What this task involves: Output each line of the data below exactly, omitting any image.

Material for this task:
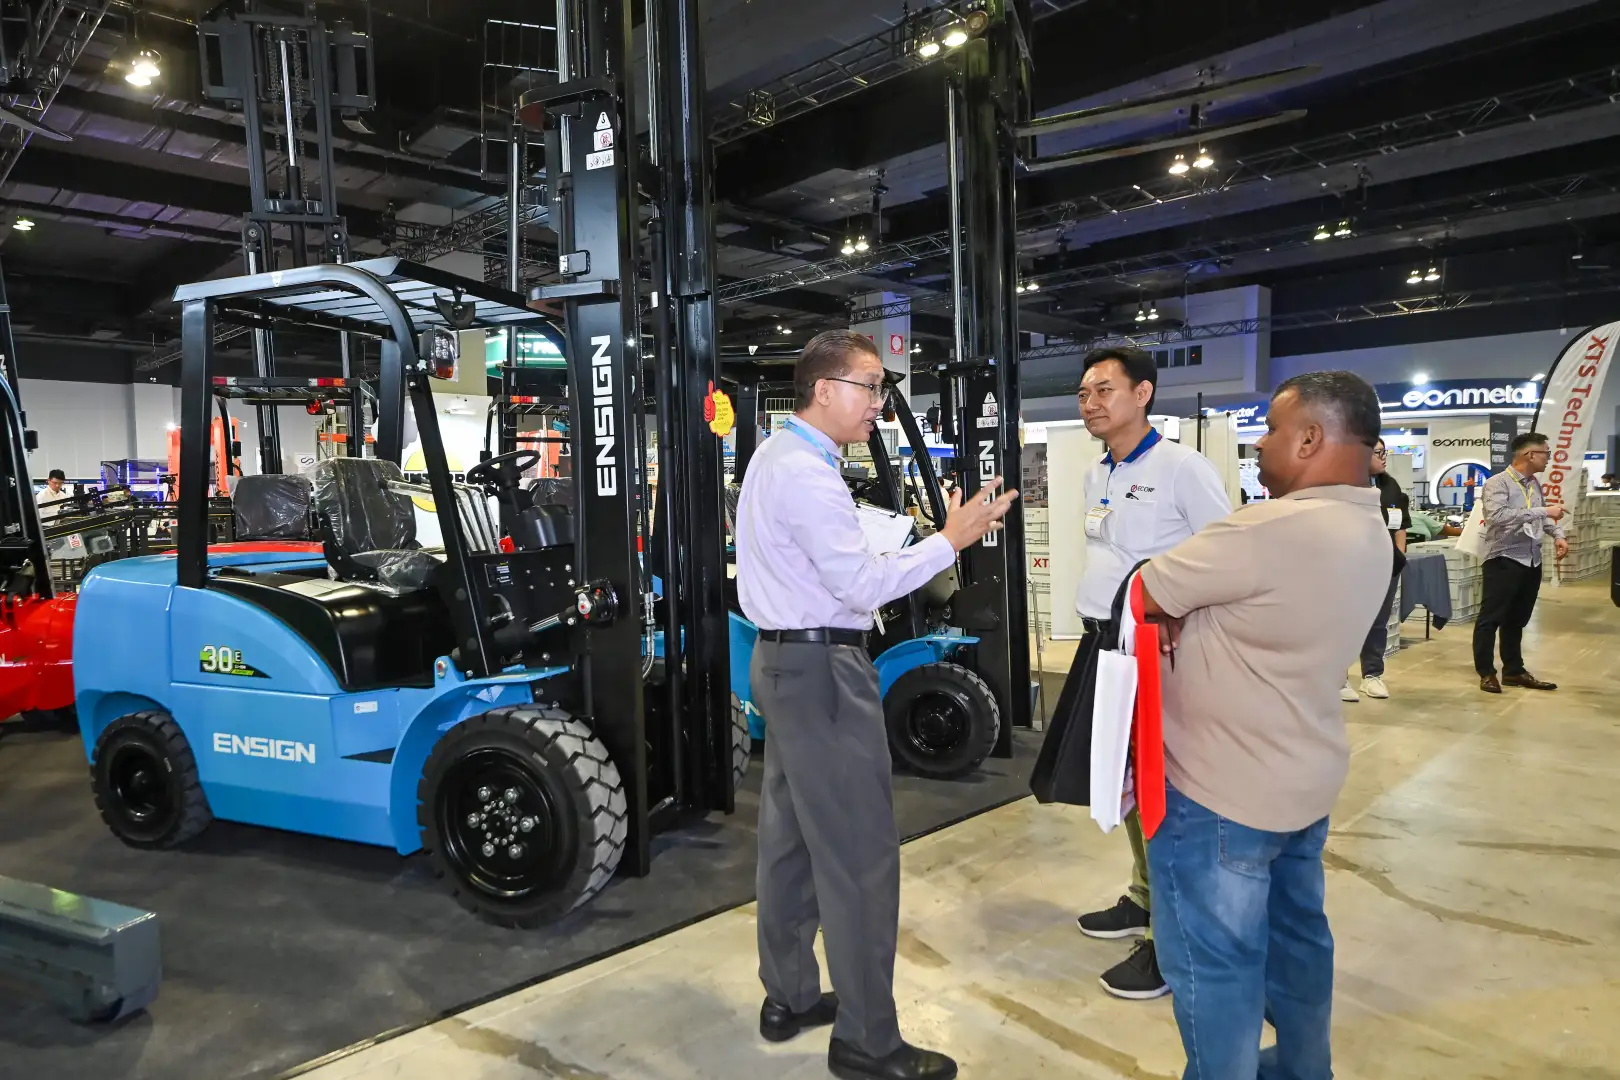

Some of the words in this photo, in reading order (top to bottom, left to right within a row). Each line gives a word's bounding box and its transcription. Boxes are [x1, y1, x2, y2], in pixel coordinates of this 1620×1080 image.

[1578, 335, 1609, 378] XTS
[1402, 383, 1538, 408] eonmetal
[591, 335, 617, 496] ENSIGN
[203, 645, 233, 672] 30
[235, 651, 242, 662] E
[213, 732, 316, 764] ENSIGN

Your solution:
Some of the words in this photo, in reading order (top to bottom, left to right within a row). Each line gives a word's bounding box and its transcription. Boxes are [x1, y1, x2, y2], in pixel coordinates of this 1620×1080 image.

[1578, 335, 1609, 378] XTS
[1402, 383, 1538, 408] eonmetal
[591, 335, 617, 496] ENSIGN
[203, 645, 233, 672] 30
[235, 651, 242, 662] E
[213, 732, 316, 764] ENSIGN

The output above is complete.